No ano seguinte, iniciou-se a famosa Procissão do Ferrolho por ocasião da grande peste que deflagrou em Lisboa, e a fundação da Irmandade dos Fidalgos e Marítimos. 

Em 1603, a Ermida foi doada aos Eremitas de Santo Agostinho do vizinho Convento de Nossa Senhora da Graça. No ano seguinte iniciou-se a construção do novo Convento e ampliação da Ermida, segundo projecto do arquitecto régio Teodósio de Frias (c. 1555-1634). As obras terminaram em 1635, com uma notável procissão para a entrada solene da imagem no novo templo. O trono da veneranda imagem na capela-mor, foi realizado em 1650 pelos irmãos marceneiros António Vaz de Castro e Lourenço Coelho.

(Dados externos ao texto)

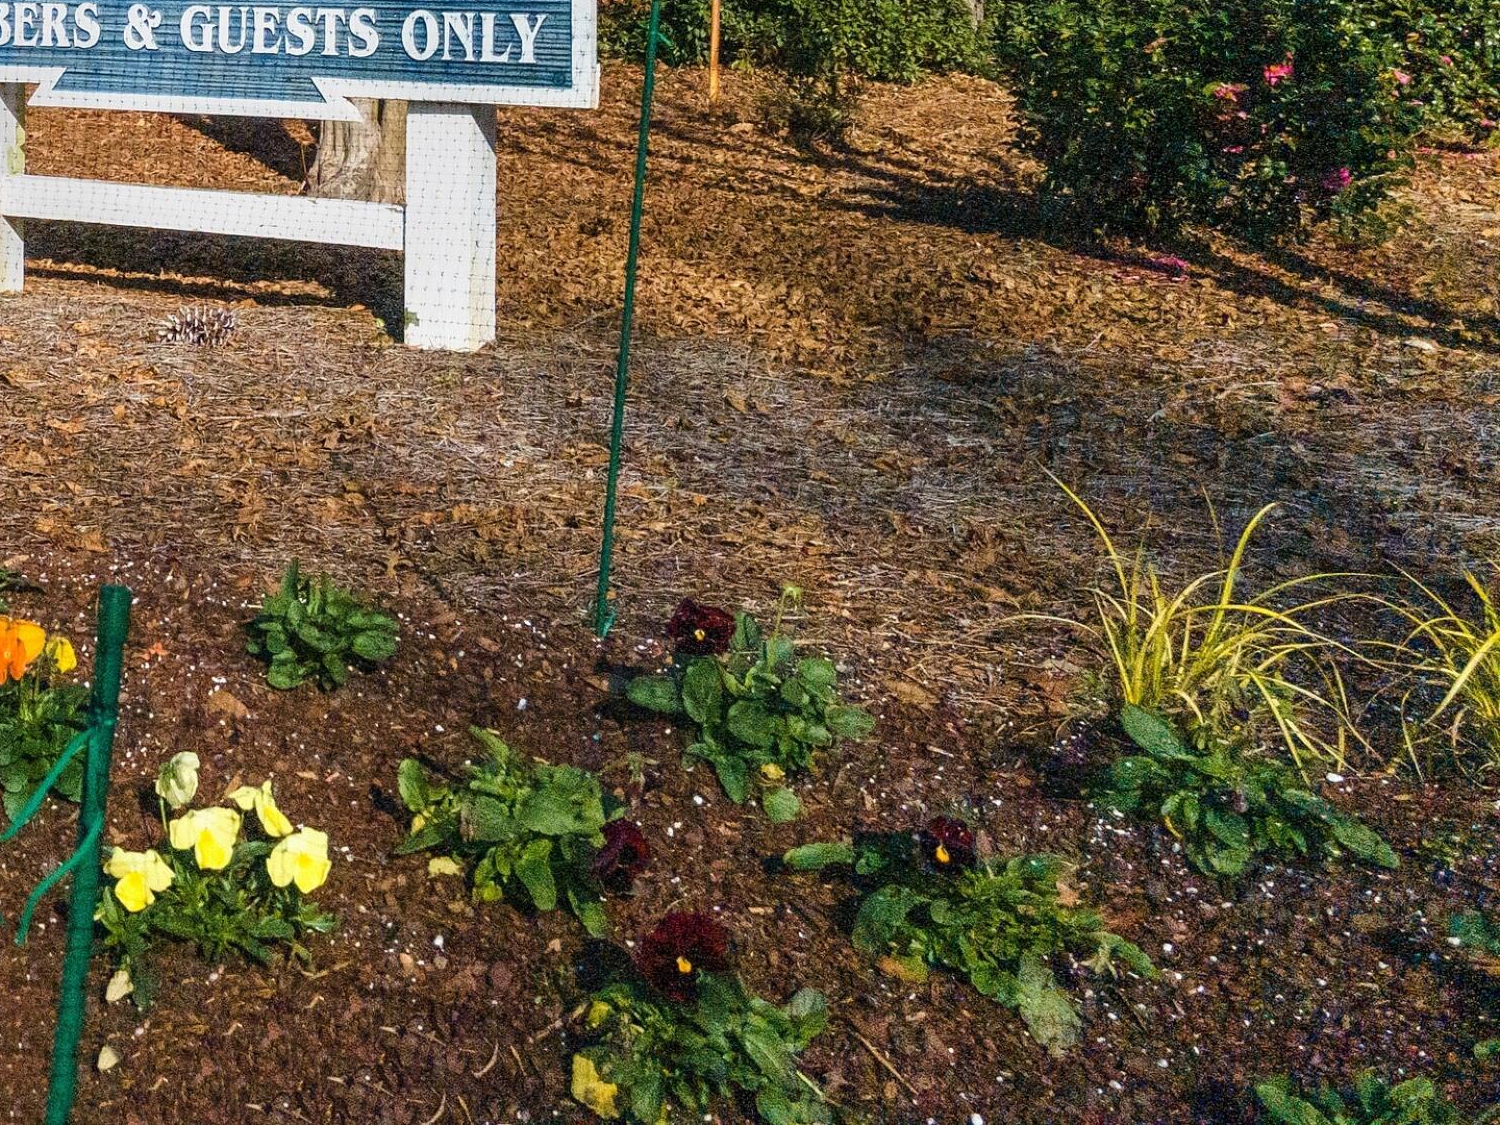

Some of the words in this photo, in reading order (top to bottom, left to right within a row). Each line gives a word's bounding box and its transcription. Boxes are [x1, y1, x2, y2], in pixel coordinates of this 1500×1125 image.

[123, 3, 163, 51] &
[180, 5, 380, 58] GUESTS
[401, 9, 548, 64] ONLY
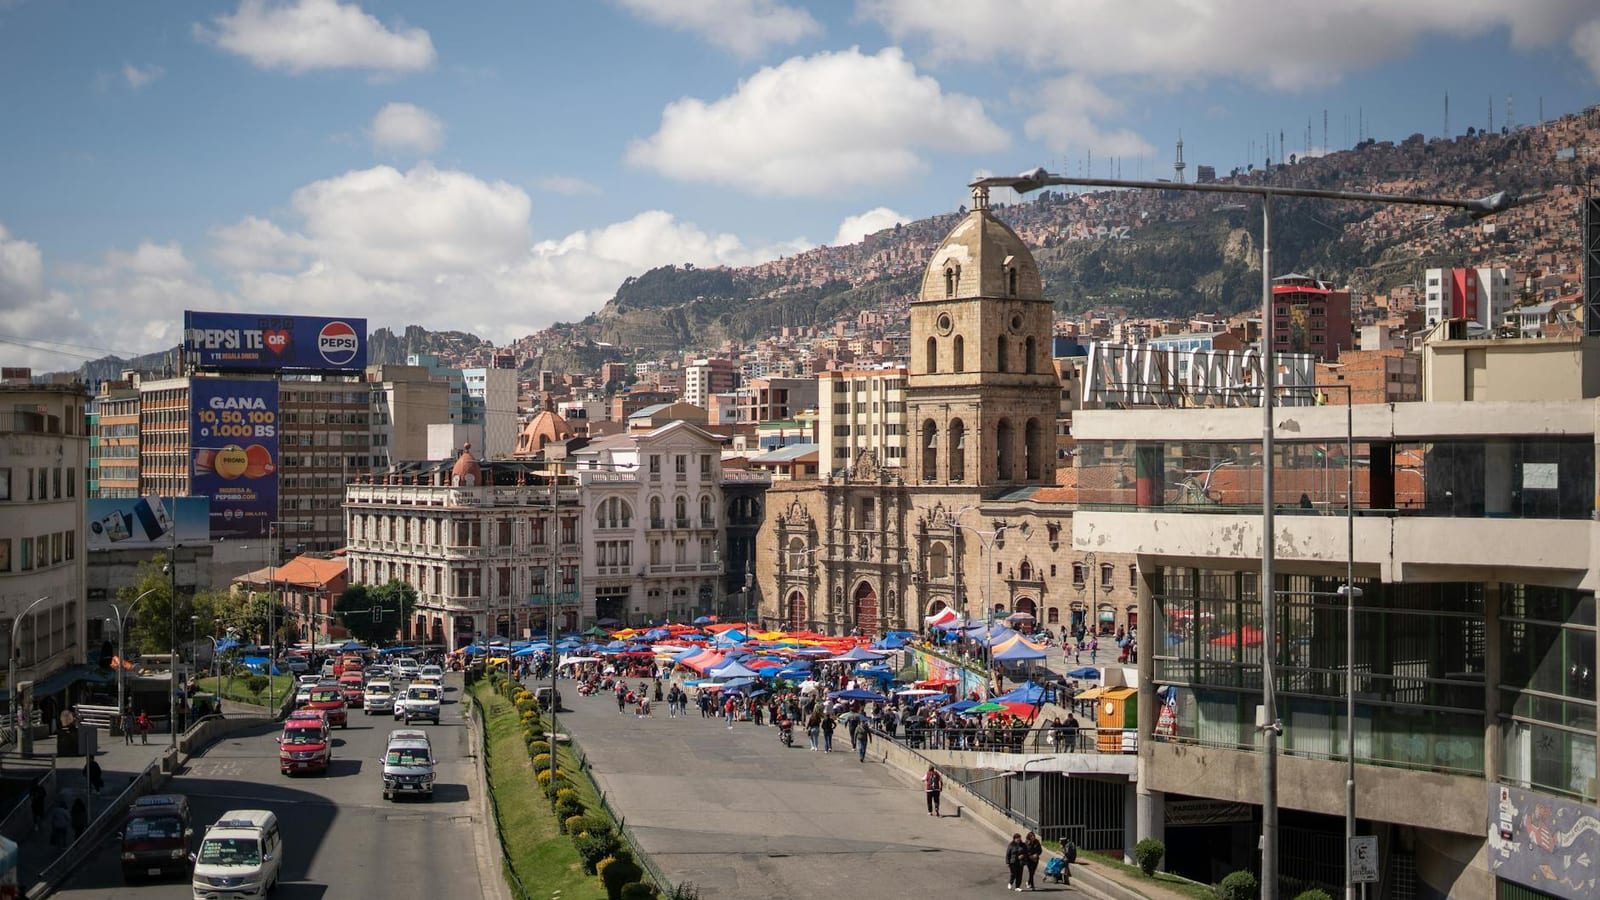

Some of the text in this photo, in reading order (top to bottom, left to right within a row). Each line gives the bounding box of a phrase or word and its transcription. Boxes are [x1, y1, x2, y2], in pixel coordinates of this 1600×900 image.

[1097, 225, 1130, 240] PAZ
[193, 329, 240, 349] PEPSI
[244, 330, 263, 349] TE
[321, 338, 356, 348] PEPSI
[209, 396, 266, 409] GANA
[199, 410, 275, 425] 10, 50, 100
[211, 424, 252, 437] 1.000
[255, 425, 275, 437] BS

Para a edificação contribuiu também António Cavide, notável secretário de D. João IV, que doou grande parte dos seus bens para a conclusão do templo e que aí mandou edificar em 1667 o seu túmulo.

Em 1754 realizou-se uma grande campanha de renovação da igreja, da qual apenas resta a Sacristia e a chamada Casa dos Milagres. O terramoto de 1755 provocou danos consideráveis na igreja, com a queda das abóbadas, destruindo muito do que estava construído, e atingindo mortalmente mais de 300 pessoas. A veneranda imagem, recuperada dos escombros, quase intacta, foi guardada numa casa fronteira à igreja, ficando registada a memória do sucedido num painel de azulejo.

Em 1756 foi iniciada a reconstrução, segundo projecto do arquitecto Aires da Cunha numa primeira fase, com intervenção posterior de Caetano de Sousa (1742-1802). A reedificação ficou concluída em 1788, por empenho de D. Pedro de Meneses, 4º Marquês de Marialva (1713-1799), e dos mareantes da Nau Nossa Senhora da Ajuda, conforme inscrição na lápide à entrada da igreja.

A partir de 1808, no contexto das invasões francesas, a zona conventual serviu para alojamento de militares, a que se seguiu, em 1820, o Regimento de Infantaria 12, ficando na posse do Ministério da Guerra a partir de 1833. Com o decreto de extinção das Ordens Religiosas em 1834, ficou o edifício parcialmente ao abandono, perdendo-se considerável património que integrava o conjunto monumental.

No início do séc. XX, após um grande restauro dirigido pelo Engenheiro Alberto Monteiro, a igreja reabriu ao culto em 1909. Entre 1929 e 1932, foram demolidas as antigas casas dos romeiros, quando se construiu o Depósito da Companhia das Águas, com infra-estrutura hidráulica que utilizou a cisterna do antigo convento.

Em 1937, a igreja foi constituída sede da nova Paróquia de Nossa Senhora da Penha de França.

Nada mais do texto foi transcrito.